Please keep the images out and set down the data exactly as given.

╭─ Material for this task

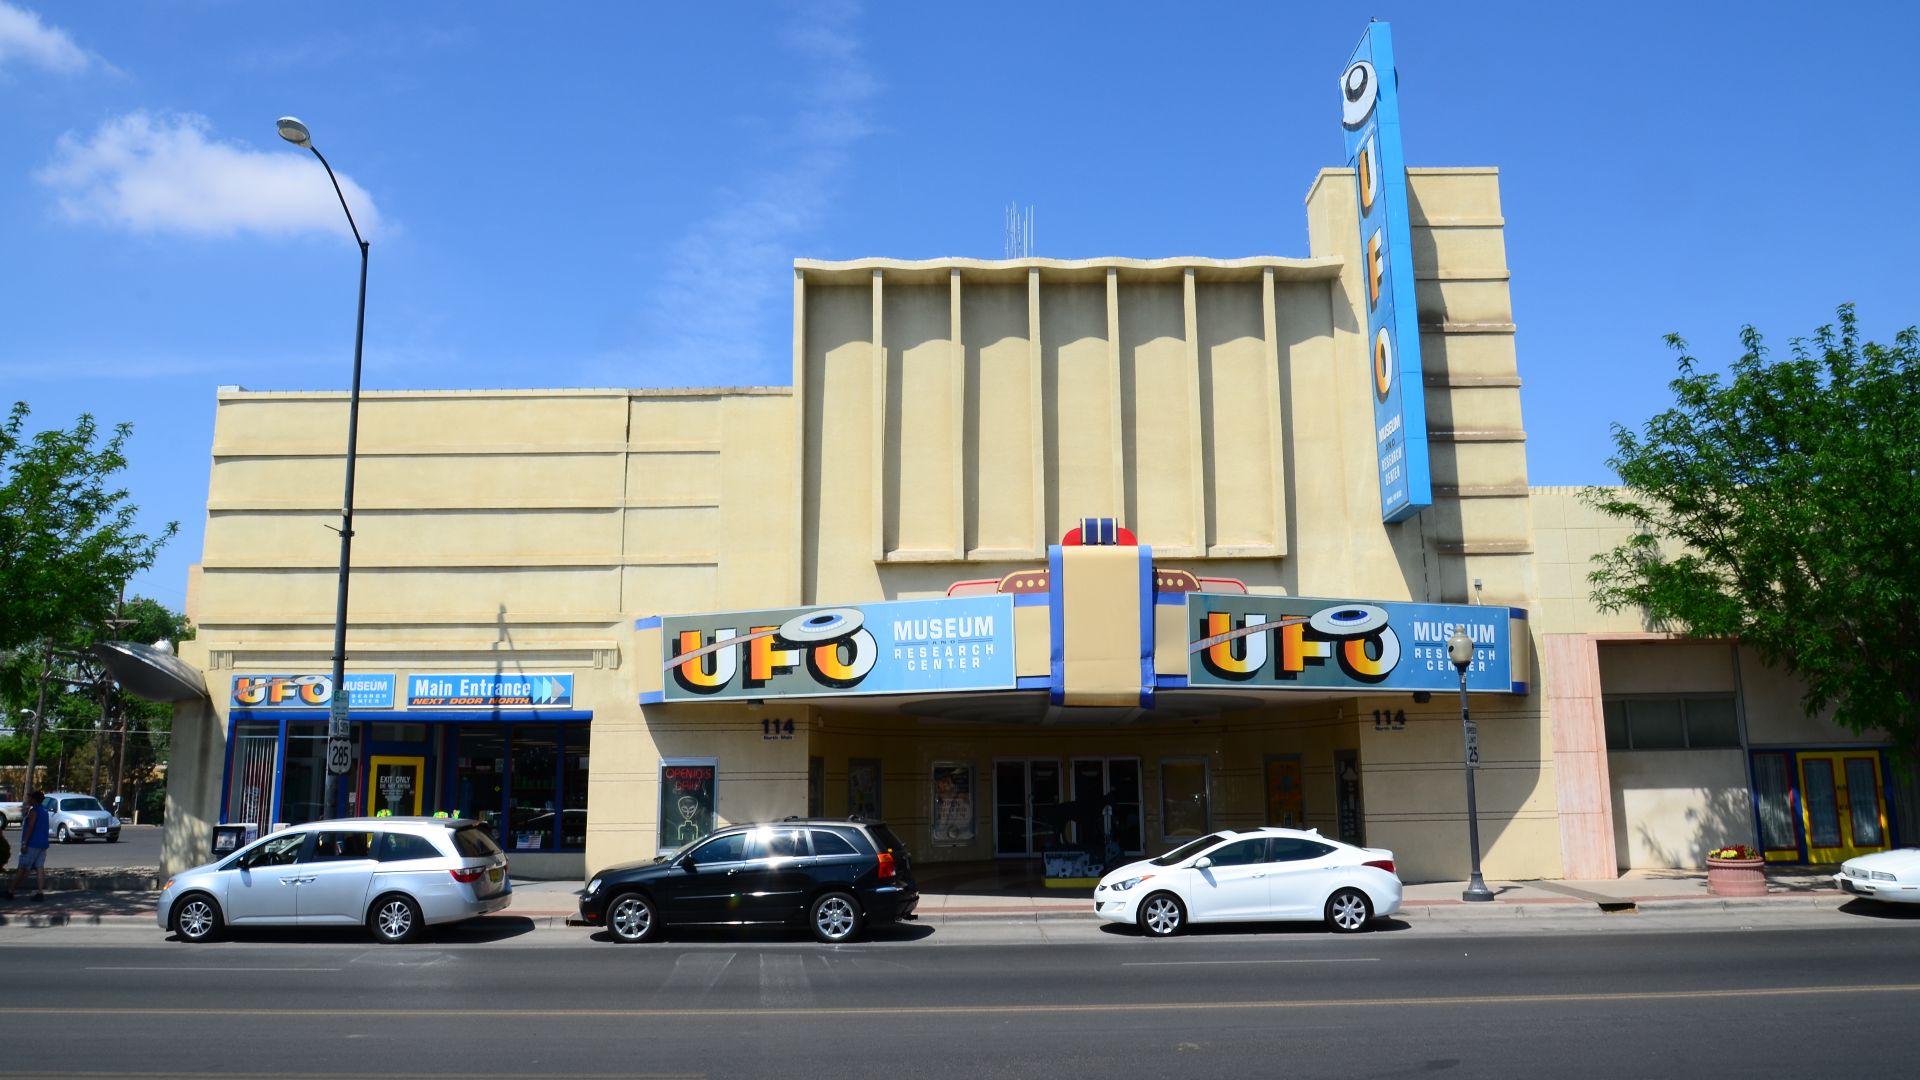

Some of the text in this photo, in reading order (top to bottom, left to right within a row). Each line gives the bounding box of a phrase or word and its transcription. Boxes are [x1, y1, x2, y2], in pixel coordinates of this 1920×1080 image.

[1358, 132, 1394, 400] UFO
[1379, 414, 1401, 443] MUSEUM
[1381, 447, 1402, 472] RESEARCH
[1385, 465, 1400, 486] CENTER
[893, 615, 994, 641] MUSEUM
[1413, 621, 1496, 644] MUSUM
[894, 643, 994, 660] RESEARCH
[1200, 611, 1401, 683] UFO
[1414, 647, 1496, 661] RESCH
[673, 626, 878, 692] UFO
[907, 656, 980, 671] CENTER
[1426, 660, 1486, 672] CENER
[235, 677, 333, 704] UFO
[343, 681, 388, 691] MUSEUM
[415, 679, 531, 697] Main Entrance
[412, 697, 530, 705] NEXT DOOR NORTH
[761, 718, 795, 735] 114
[1372, 709, 1406, 726] 114
[332, 745, 349, 766] 285
[1469, 746, 1479, 763] 25
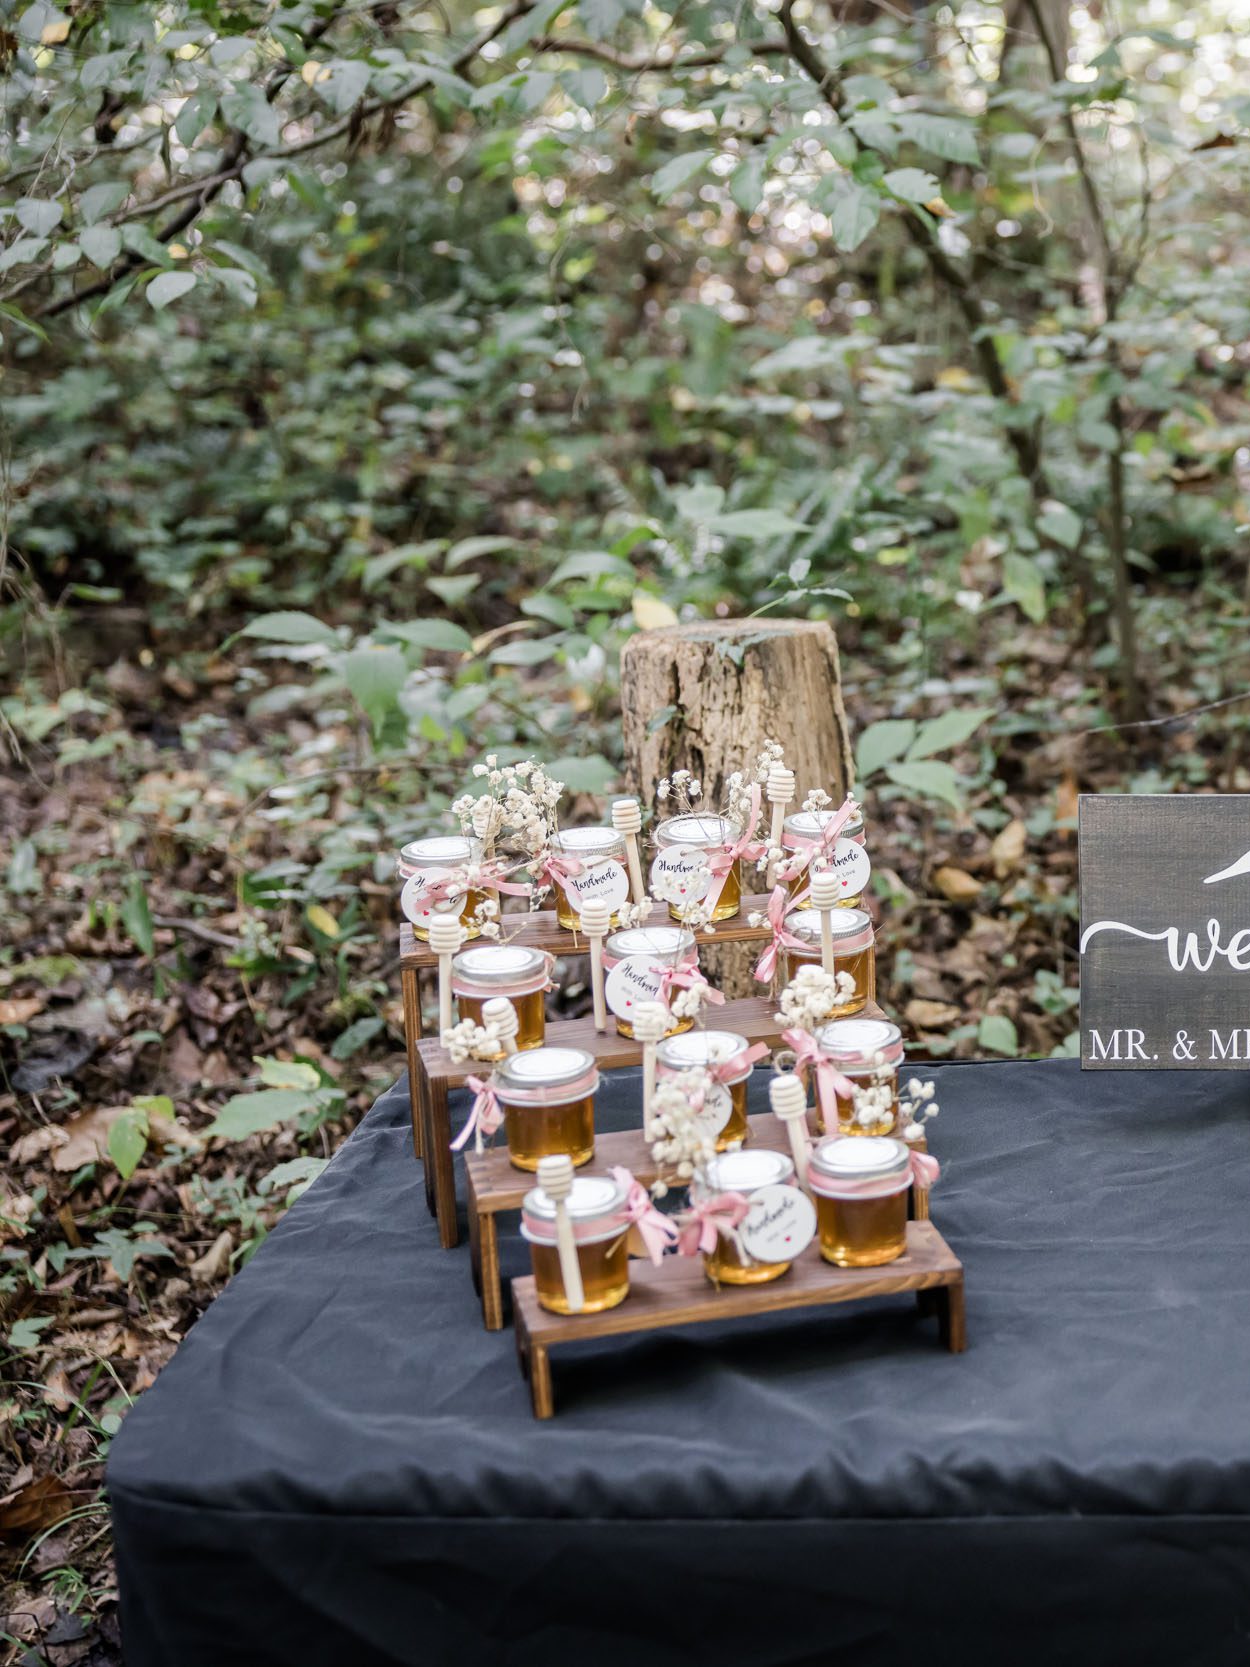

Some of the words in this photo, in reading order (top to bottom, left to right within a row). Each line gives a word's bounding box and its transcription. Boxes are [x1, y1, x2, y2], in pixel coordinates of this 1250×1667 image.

[571, 867, 618, 892] Handmade
[1089, 1029, 1159, 1061] MR.
[1172, 1029, 1198, 1061] &

╰─

> _Expected answer_:
Some of the text in this photo, in reading order (top to bottom, left to right within a row). Each line gives the bounding box of a phrase or word and its transcription. Boxes are [x1, y1, x2, y2], in pixel coordinates of this 1920×1080 image.

[1358, 132, 1394, 400] UFO
[1379, 414, 1401, 443] MUSEUM
[1381, 447, 1402, 472] RESEARCH
[1385, 465, 1400, 486] CENTER
[893, 615, 994, 641] MUSEUM
[1413, 621, 1496, 644] MUSUM
[894, 643, 994, 660] RESEARCH
[1200, 611, 1401, 683] UFO
[1414, 647, 1496, 661] RESCH
[673, 626, 878, 692] UFO
[907, 656, 980, 671] CENTER
[1426, 660, 1486, 672] CENER
[235, 677, 333, 704] UFO
[343, 681, 388, 691] MUSEUM
[415, 679, 531, 697] Main Entrance
[412, 697, 530, 705] NEXT DOOR NORTH
[761, 718, 795, 735] 114
[1372, 709, 1406, 726] 114
[332, 745, 349, 766] 285
[1469, 746, 1479, 763] 25

Some of the words in this photo, in reading order (top to bottom, left to right within a row). Each line gives a word's bounding box and its transcription. Boxes are [x1, y1, x2, y2], in pixel coordinates of this 1250×1667 image.

[571, 867, 618, 892] Handmade
[1089, 1029, 1159, 1061] MR.
[1172, 1029, 1198, 1061] &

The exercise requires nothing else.